Celsius Is Running Out Of Options
The crypto lending platform Celsius has brought the traditional financial bank Citigroup into an advisory role. While not directly providing any funds to Celsius, it would reportedly lay out possible financing routes for the crypto lender.
Reportedly, Citigroup will also help Celsius evaluate offers on top of its advisory roles, including the one made by Nexo. The rival crypto lending firm Nexo formally approached Celsius to buy qualifying loan assets when Celsius signaled liquidity issues.
Apparently, Nexo was aware that Celsius had trouble with its withdrawal obligations. Furthermore, its findings pointed to the “unsustainability” of Celsius’ business even before the firm publicly admitted to it.

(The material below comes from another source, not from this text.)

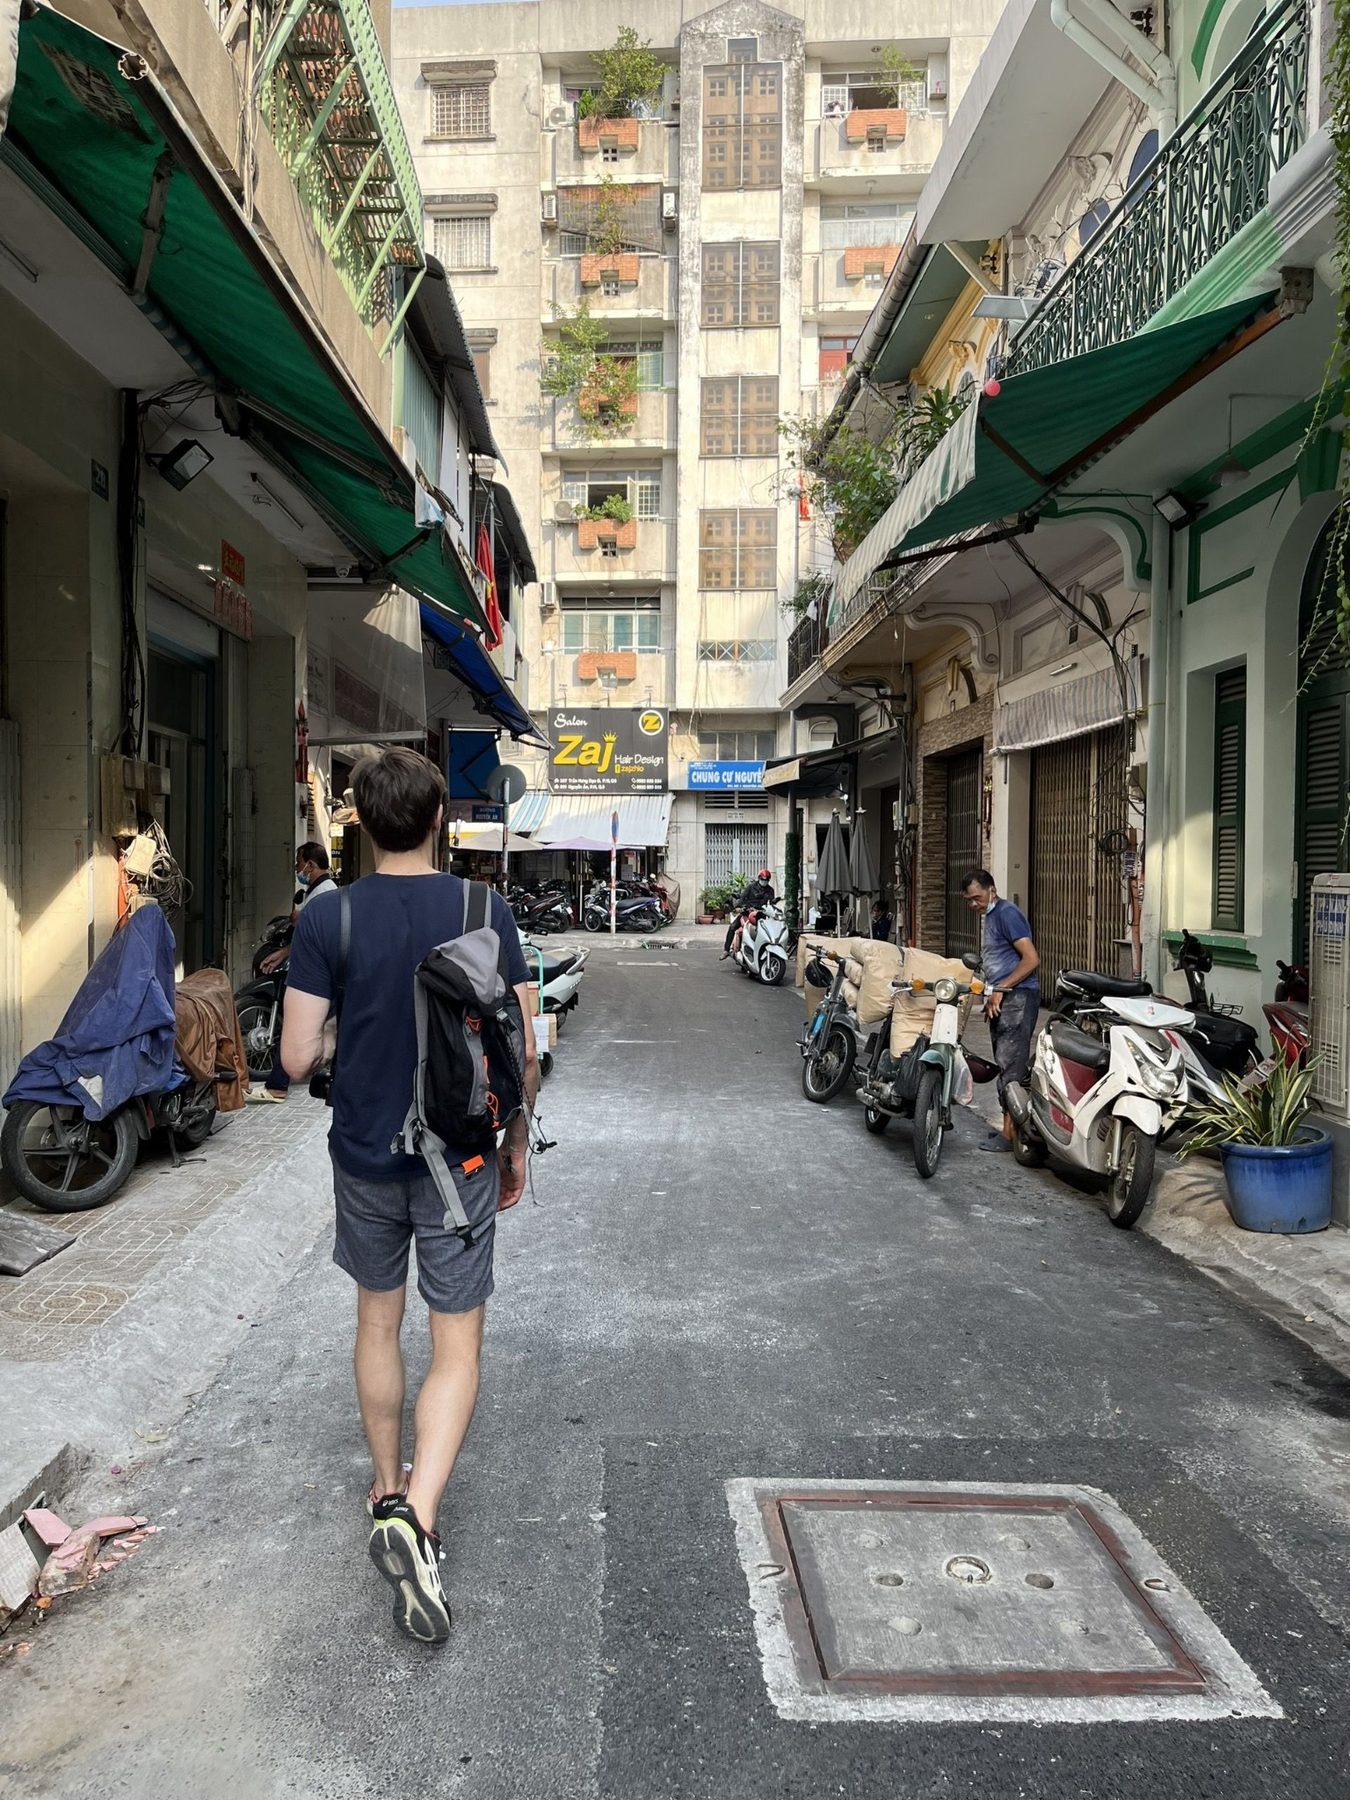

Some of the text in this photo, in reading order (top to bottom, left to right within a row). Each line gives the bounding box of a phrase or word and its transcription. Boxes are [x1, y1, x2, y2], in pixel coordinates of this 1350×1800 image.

Moreover, Celsius’ move to freeze user withdrawals and transfers has triggered a fearful crypto market sell-off. In fact, it is reminiscent of the catastrophic bankruptcy of Mt. Gox in 2014. At that time, the Tokyo-based crypto exchange got hacked, losing about 850,000 Bitcoins, which led to the firm’s collapse.
On Wednesday, crypto research firm Kaiko reported that Celsius suffered due to poor risk management, bearish market conditions, and overexposure to stETH. A research analyst at Kaiko wrote, “Even if they do survive this onslaught, I don’t see how anyone can trust the likes of Celsius to keep their assets safe going forward.”
Meanwhile, it is not the first time Celsius has appointed Citigroup. Reportedly, the bank advised Celsius to make its bitcoin mining subsidiary business public. In May, Celsius submitted a confidential S-1 draft registration for its IPO, which was expected to become public after SEC’s review.
According to The Wall Street Journal, Celsius has hired lawyers from DC-based law firm Akin Gump Strauss Hauer & Feld to explore potential financing options from investors. Dane Lund of DeFi Alliance pointed it out to be a move to avoid possible small claims court actions.
Ledn Co-Founder Comments On Celsius’ Plight
According to Ledn co-founder Mauricio Di Bartolomeo, the chaos triggered by Celsius proves that not all lending platforms are equal. Now, clients can further be educated on how the yield they are paid is generated.
“If they are not satisfied with the answers they receive, they could proactively choose to withdraw their assets or close their loans at that particular platform,” Bartolomeo said in a statement.
Regarding how sustainable crypto lending platforms are, Bartolomeo said that the models used to generate yield vary for each firm. Therefore, he finds it unfair to put them under the same umbrella.
“There are significant differences in the risk management policies and in the yield generation strategies being employed by the various lenders,” Bartolomeo said. “Those lenders who took significant risks generating yield in DeFi with their depositors’ assets, lending uncollateralized to low credit quality borrowers, taking directional market risk with client assets may be finding themselves in some trouble now.”